1) It's _not_ pass-by-reference. Java is pass-by-value, but it is passing
pointer values, not variable values. This sometimes behaves like pass-by-
reference but if pass a from foo() to bar() and call new on a inside bar, a
will get it's old value once bar() returns to foo().

2) Eclipse has a tremendously useful debugger and, as an emacs guy, I can
vouch for Eclipse being well worth learning. You can change code in running
programs, but beware it reruns whatever method you're in. Sometimes (possibly
all times) without resetting values changed in that method.

3) Use interfaces when you can. Map instead of HashMap, etc.

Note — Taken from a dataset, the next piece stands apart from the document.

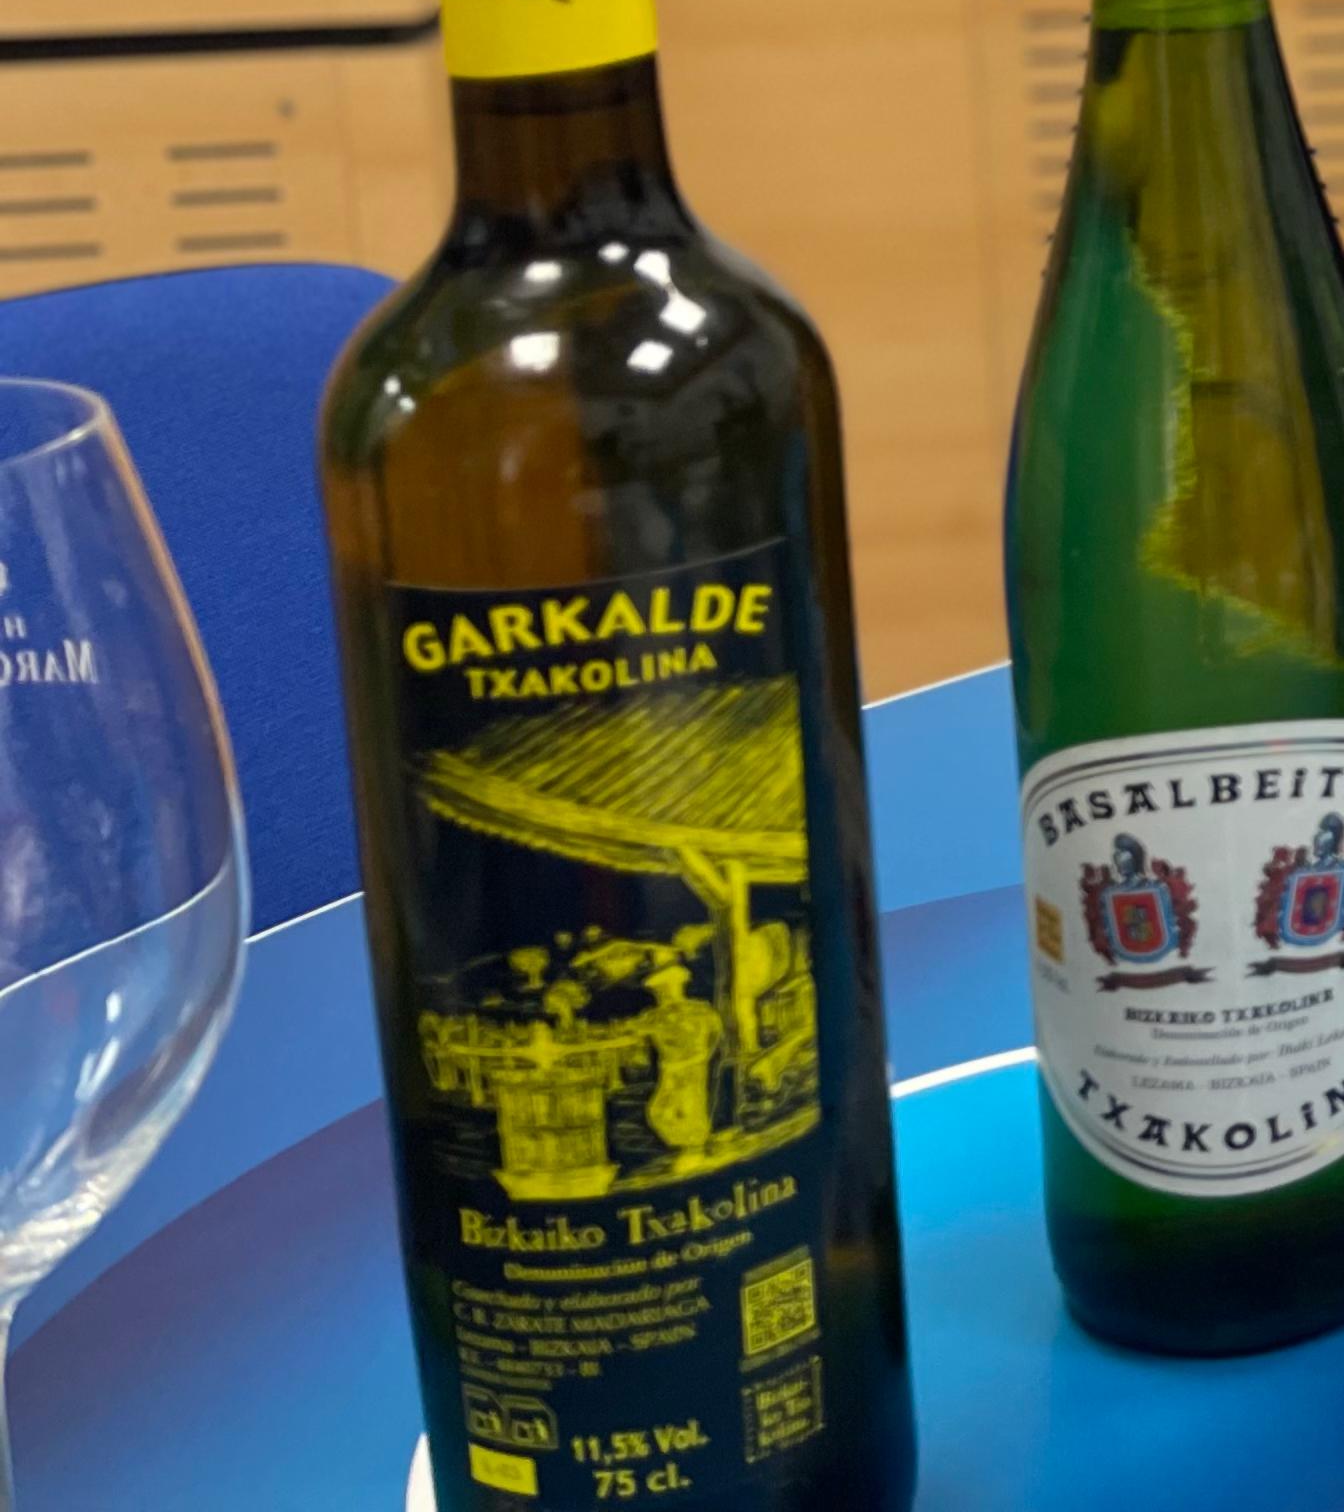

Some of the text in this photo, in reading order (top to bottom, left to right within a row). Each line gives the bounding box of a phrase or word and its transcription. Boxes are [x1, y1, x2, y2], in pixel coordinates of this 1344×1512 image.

[403, 584, 772, 673] GARKALDE
[464, 643, 718, 700] TXAKOLINA
[616, 1174, 798, 1246] Txakolina
[593, 1469, 637, 1499] 75

4) Leverage the classpath for testing bugfixes easily. Create a jar with your
_fixed_ class, put it in front in the classpath. Keeps things simple and let's
you build upon anything you shipped to a client.

5) If you have to use RMI, understand why readExternal() must reflect the
order of things from writeExternal() and how this can break easily. This
specific case may not be useful to you right now, but it will help you
understand what RMI, and serialization in general, is actually doing.

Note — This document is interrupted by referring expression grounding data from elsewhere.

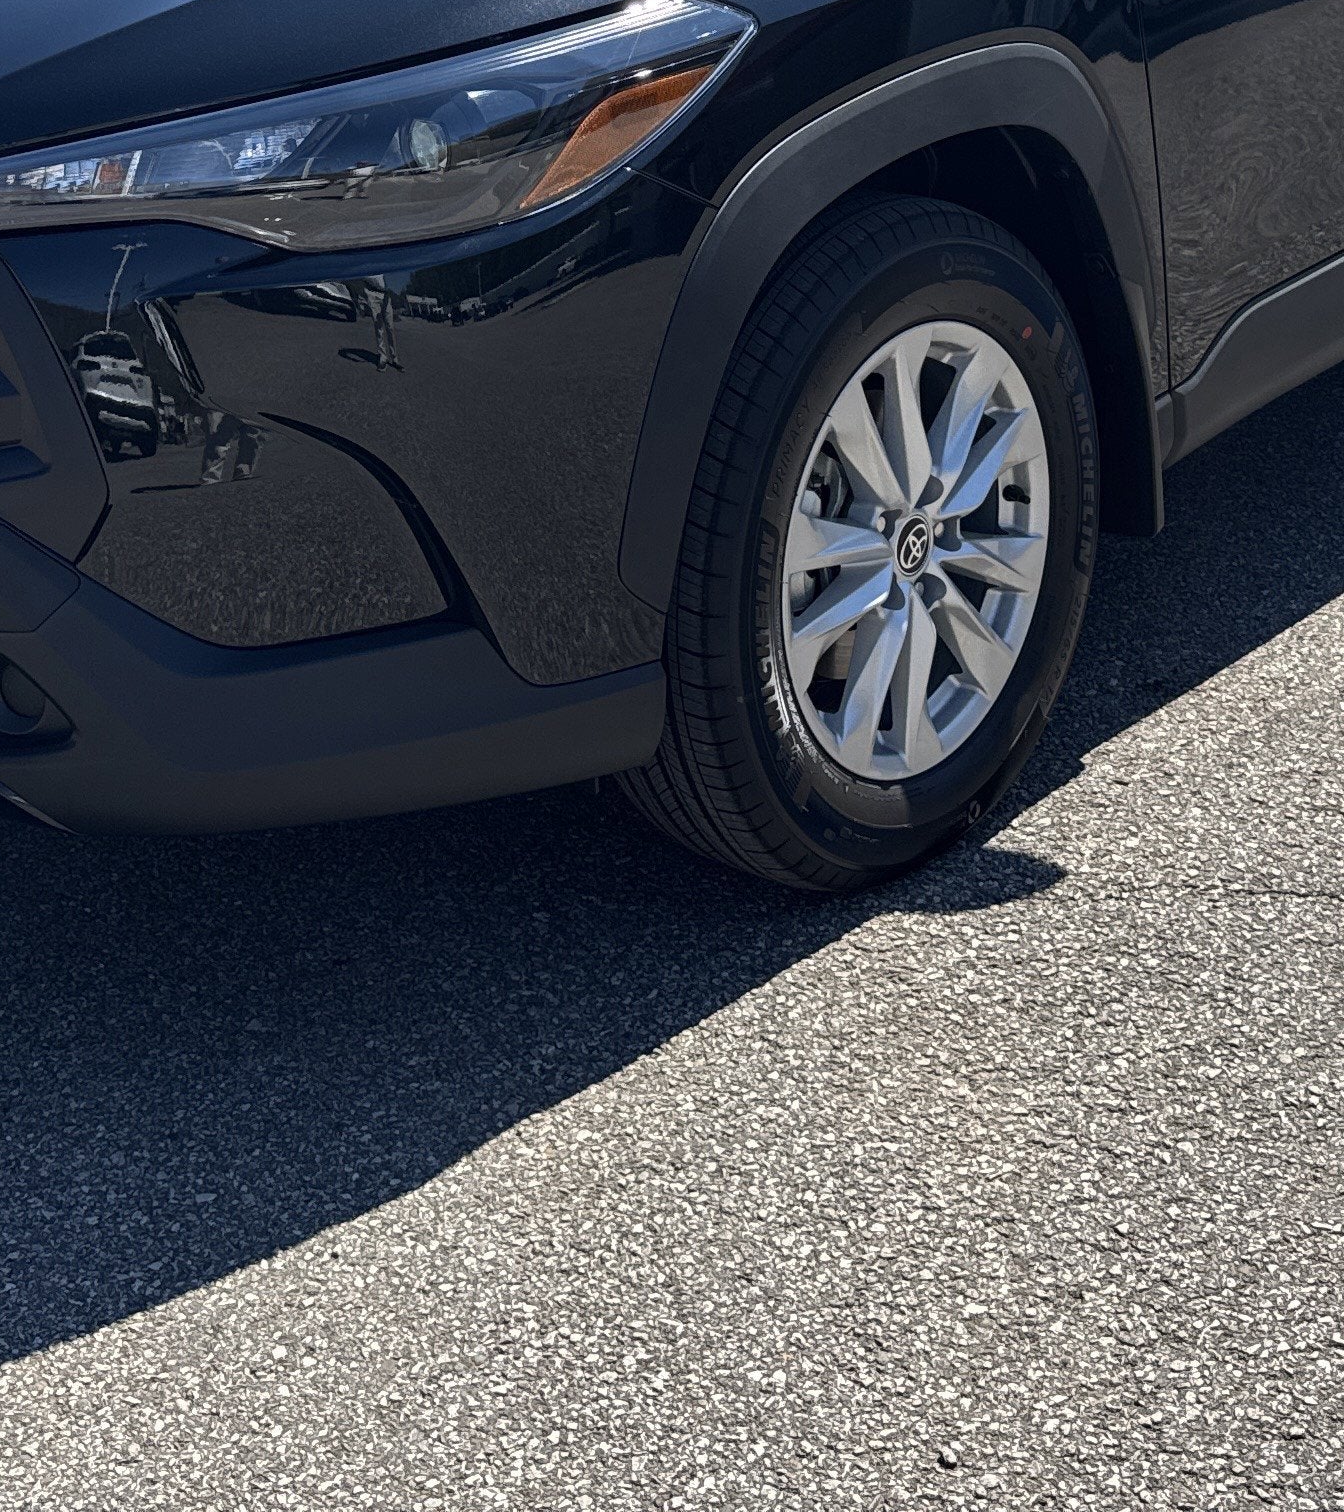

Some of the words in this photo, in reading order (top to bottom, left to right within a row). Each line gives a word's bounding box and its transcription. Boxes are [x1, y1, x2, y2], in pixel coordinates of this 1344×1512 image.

[771, 404, 811, 500] PRIMACY
[1071, 392, 1096, 571] MICHELIN
[754, 530, 784, 733] MICHELIN
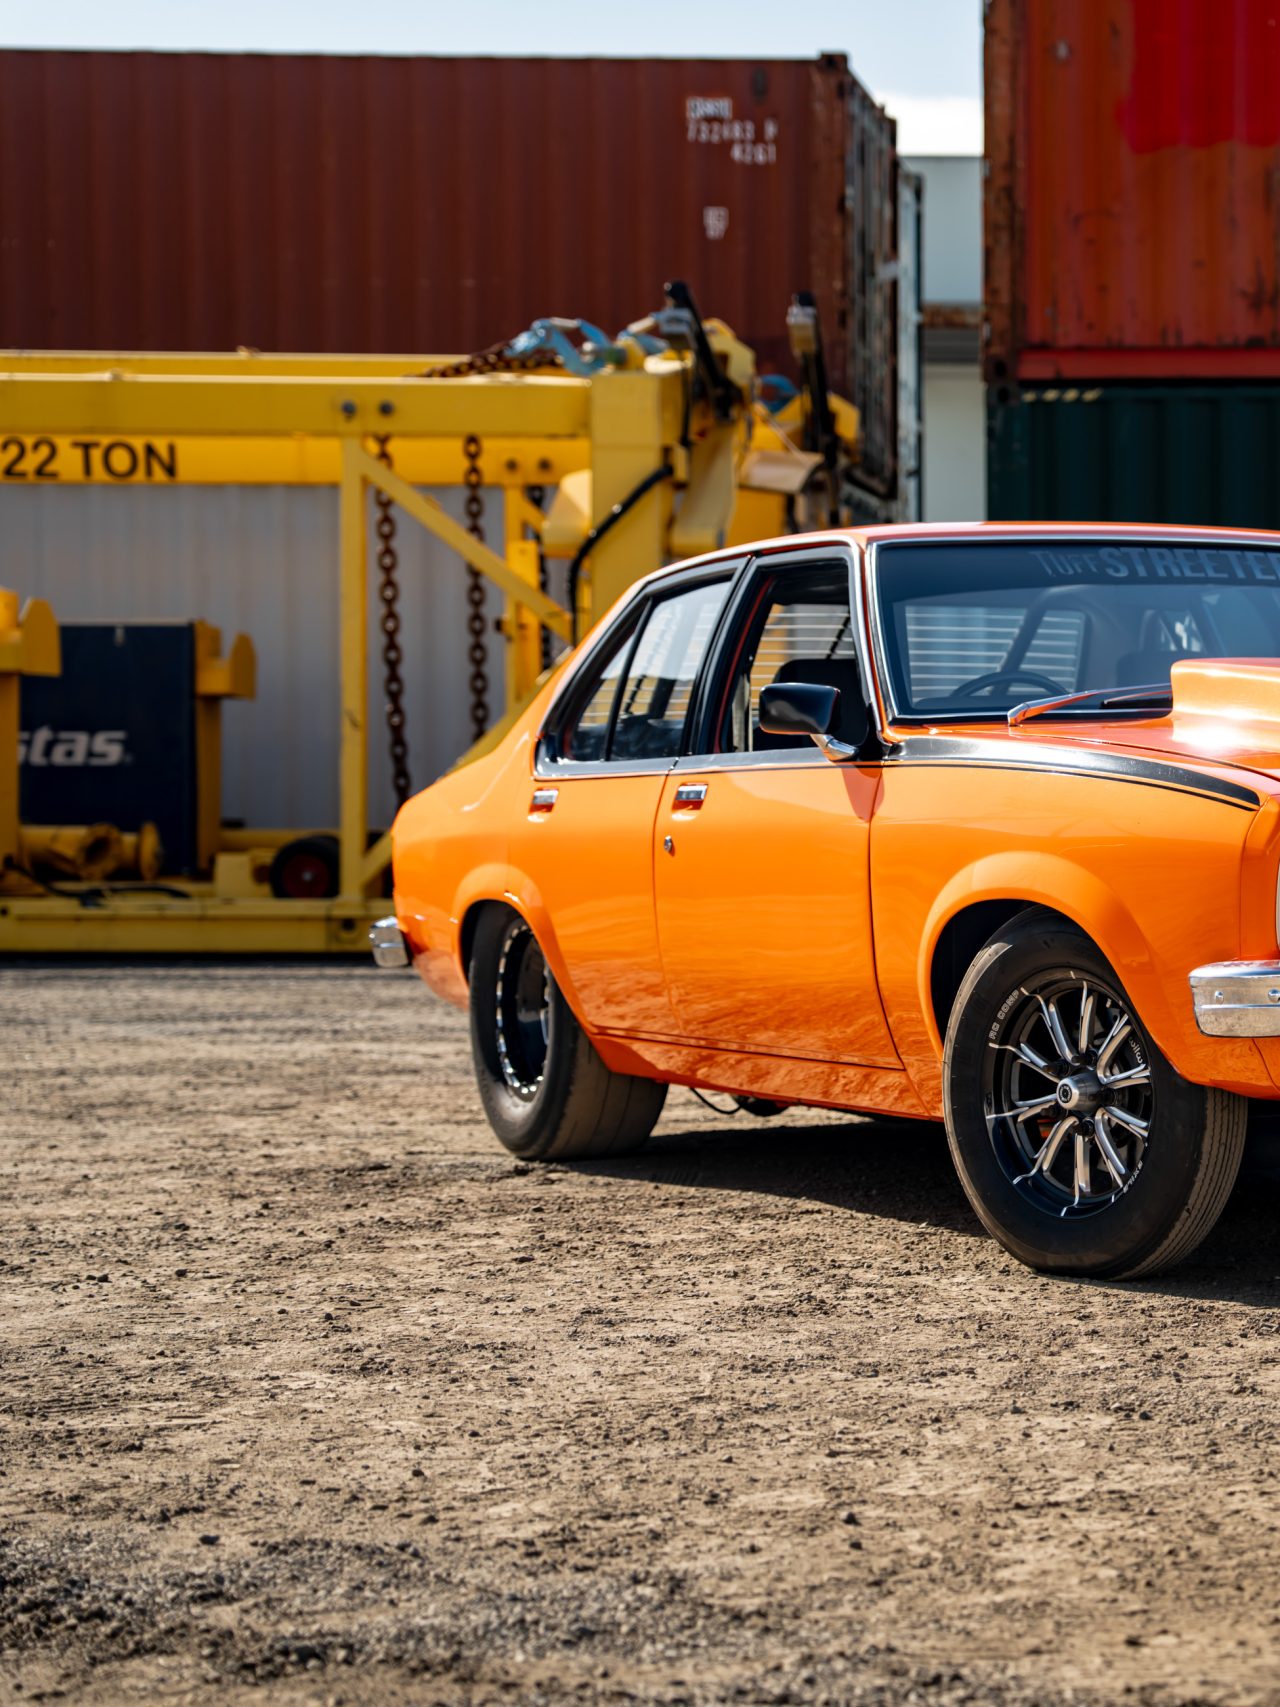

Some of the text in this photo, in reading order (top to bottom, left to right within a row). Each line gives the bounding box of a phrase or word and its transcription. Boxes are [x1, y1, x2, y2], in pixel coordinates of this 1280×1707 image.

[0, 436, 177, 479] 22 TON
[1030, 550, 1098, 577] TUFF
[997, 990, 1019, 1020] COMP

I'm sure there are other good lessons but it's been a while since I worked
with someone new to java.

------
strlen
Bruce Eckel's _Thinking in Java_ (available free online, just as are his C++,
Design Patterns and .NET books) is excellent, combined with just API
references.

------
pbnaidu
I would also read Effective Java along with Struts related text book. Here's
the link to the book [http://www.amazon.com/Effective-Java-2nd-Joshua-
Bloch/dp/032...](http://www.amazon.com/Effective-Java-2nd-Joshua-
Bloch/dp/0321356683/ref=pd_bbs_sr_1?ie=UTF8&s=books&qid=1213823747&sr=8-1)

------
hello_moto
Kashif:

1) Head First Java 5 1) Effective Java

The strategy here is to study both interchange; once you learned a topic from
HF Java 5, check the best practice in Effective Java.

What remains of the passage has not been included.